In his analysis of violence in ritual, Tom F. Driver states that its roots “lie not in religion as such but in the very human desire to display control over life and death by means of ritual” (2). We tend to characterize ritual human sacrifice as archaic, something we have through evolution of custom and law moved beyond. If this is true, then how far into antiquity does Driver’s principle apply? Is there a roughly definable point at which we can say that ritual human sacrifice became taboo?
Before we attempt such quantification, we must further articulate our definition of ritual human sacrifice within the parameters set forth by Driver. He begins his analysis with this explanation:
…all ritual, understood as a species of performance or live enactment, harbors an inclination toward violence. Murderous violence becomes sacralized by ritual enactment. Conversely stated, the sacralizing function of ritual includes a tendency to sacralize the murder of humans and the slaughter of animals. Sacralized violence is justified by the name “sacrifice” (3).
Driver posits that the violence inherent to such ritual exists before the concepts used to justify it, and that this violence is “something more elemental than theology or myth or social structure”(4), namely, in part at least, the desired control over life and death. If, however, we can rationally accept that such control is impossible for us, and was likely considered so for our ancestors, then it follows that there are other additional motivations.
One possible factor is evolutionary. Paul M. Bingham argues “that all major elements of human uniqueness follow directly from our unprecedented levels of nonkin cooperation” (5). Simply put, nonhuman animals tend to organize around closely related groups. Human development has allowed for and been driven by the ability for cooperation between humans who are not closely related. This has led to a collection of sophisticated interactive behaviors and concepts not simultaneously present in nonhuman animals, including language differentiation and punishment. Thus, human society has forever endured an often tense balance between group cohesion and individual interest. Perhaps it is this tension that eventually situated interpersonal violence within ritualization.
Relatively little is known about the cultural life of our Paleolithic humanoid ancestors, but what’s there suggests that ritual human sacrifice (as opposed to ritual burial, of which there is substantial evidence) was not as prevalent as it became in the later Neolithic period and beyond. This suggests that as humans’ propensity for sophisticated social interaction resulted in more complex and stratified societies – and in increased interpersonal and intergroup tension – ritual human sacrifice became more prevalent (along with warfare, a topic discussed below). From the ancient Levant to Bronze Age Northern Europe to the pre-Columbian Americas, there is ample written and archeological evidence of such rituals being commonplace.
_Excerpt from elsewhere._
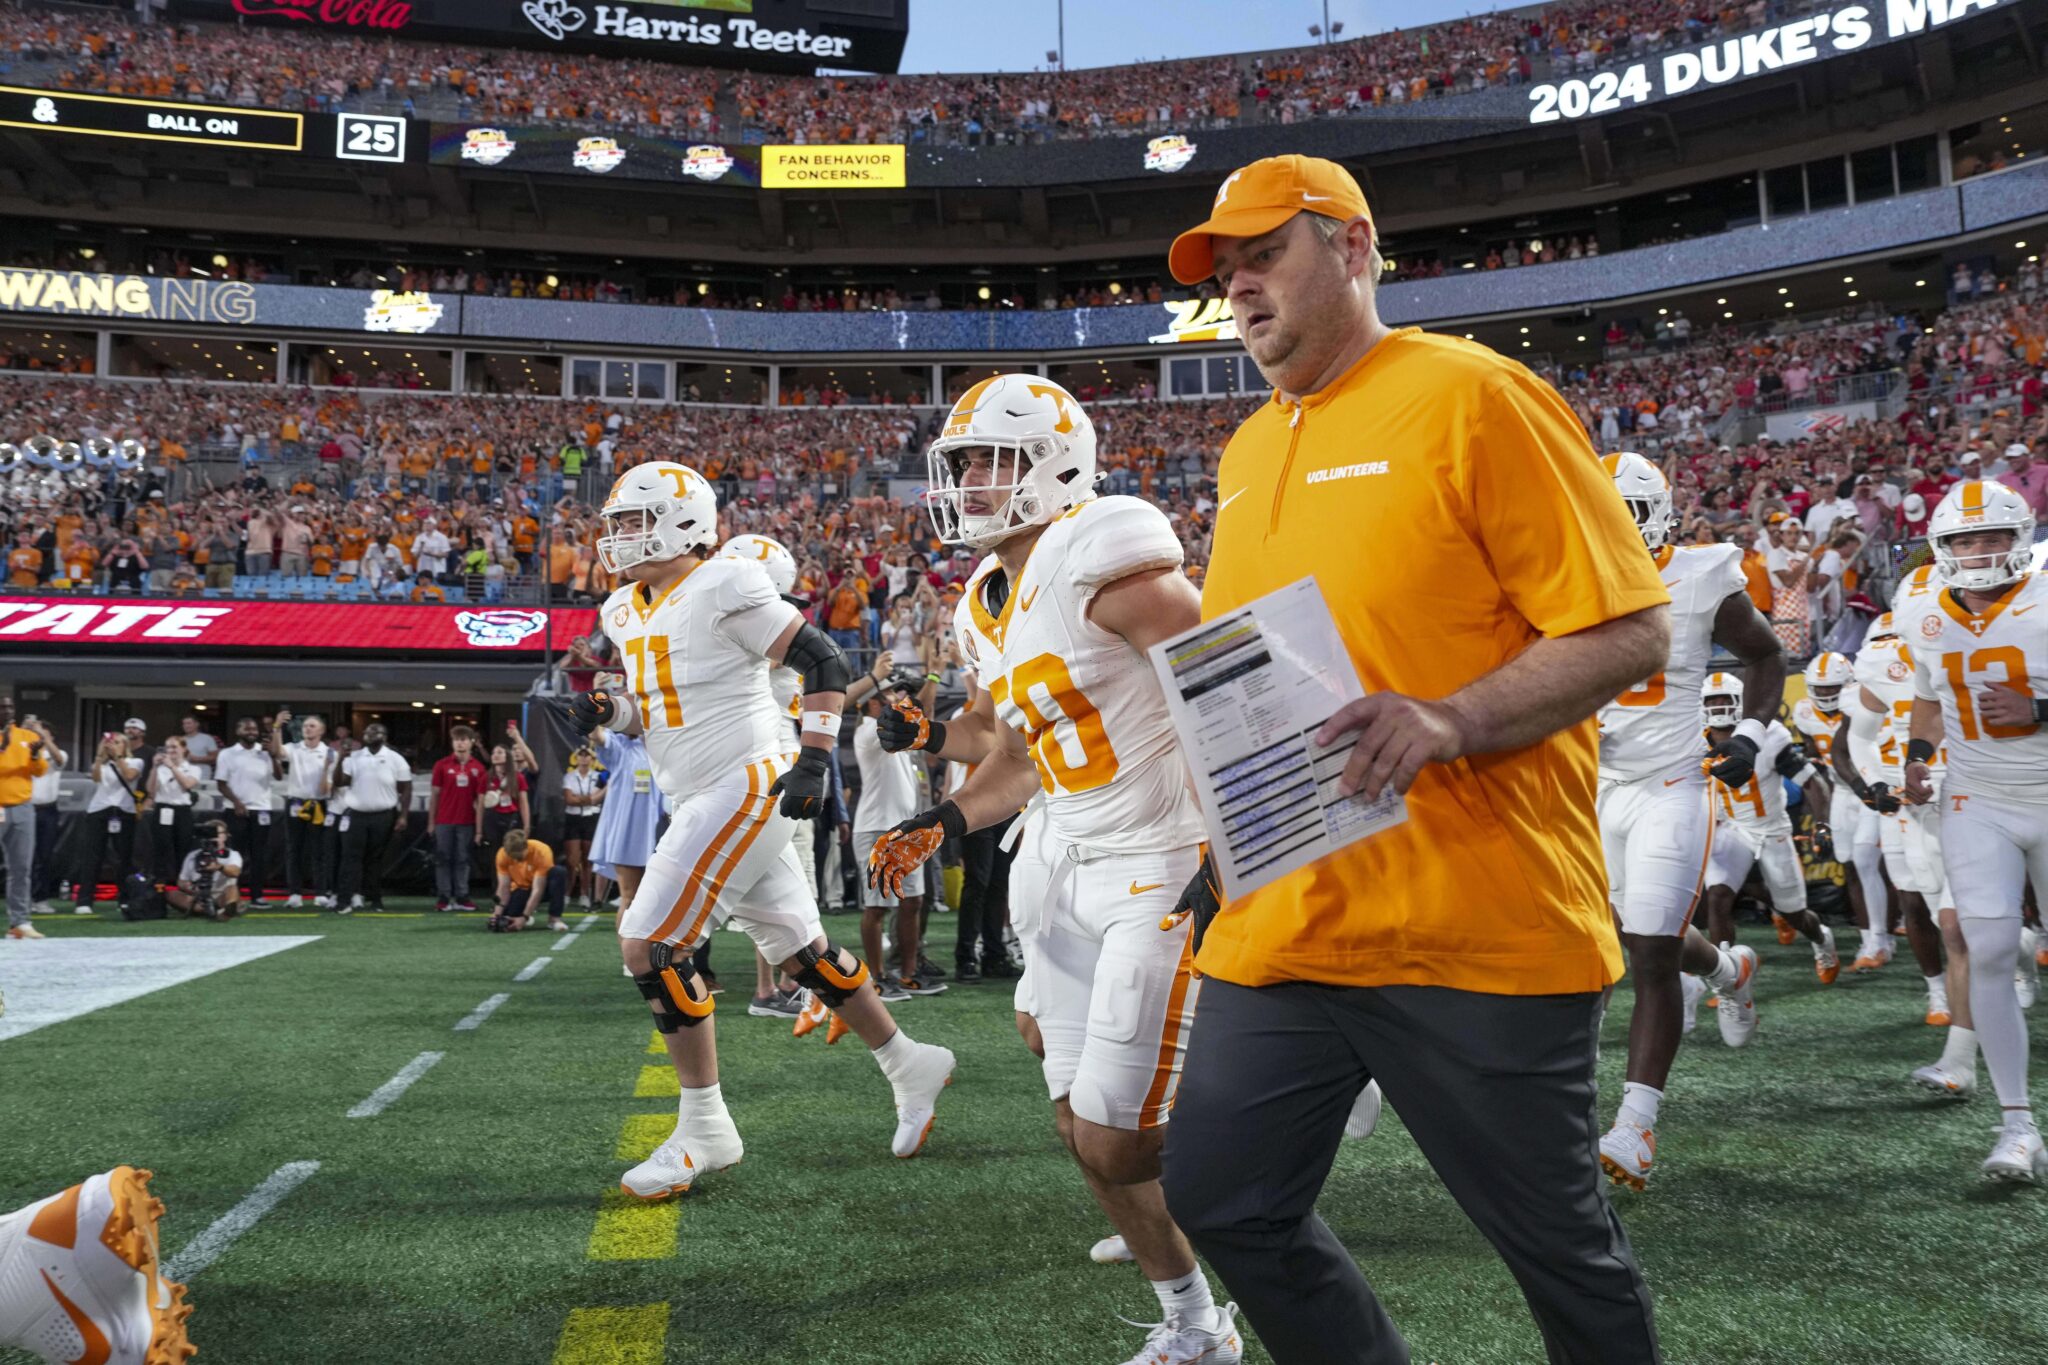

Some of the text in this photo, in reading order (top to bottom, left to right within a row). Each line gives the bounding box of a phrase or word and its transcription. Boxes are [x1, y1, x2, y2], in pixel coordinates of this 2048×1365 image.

The surrender of the Dark Ages to the Enlightenment in Europe did not bring an end to rituals of death. In his analysis of death penalty policy in the U.S., Dwight Conquergood offers insight in this direction:
The ritual frame is elastic enough to encompass conflict and chaos, yet sufficiently sturdy to channel volatile forces and disruptive tensions into an aesthetic shape, a repeatable pattern. Rituals draw their drama, dynamism, and intensity from the crises they redress (6).
So if the death penalty is, as Conquergood submits, a “performance…through which the state dramatizes its absolute power and monopoly on violence”(7), then what does that say about the state and the society that it claims to serve? The state, in this case the U.S., has evolved from its origins as a conglomeration of English settler-colonial holdings. It has arguably transformed into an oligarchic republic, the seat of a global economic and military empire. Along the way, the traditions that inform official state killings have also evolved.
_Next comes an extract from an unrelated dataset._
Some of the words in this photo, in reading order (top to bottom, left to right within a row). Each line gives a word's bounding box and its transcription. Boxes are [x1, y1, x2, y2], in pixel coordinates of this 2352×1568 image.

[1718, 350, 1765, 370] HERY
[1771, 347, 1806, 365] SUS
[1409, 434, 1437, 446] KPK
For colonial Puritans, capital punishment was a process through which a wayward citizen was brought – through torture and death – into harmony with the values of the community. Thus their ritual structures were heavily laden with religious imagery, process, and theater; they were widely advertised spectacles in which perhaps thousands of citizens were invited to observe and become either active or vicarious participants (8).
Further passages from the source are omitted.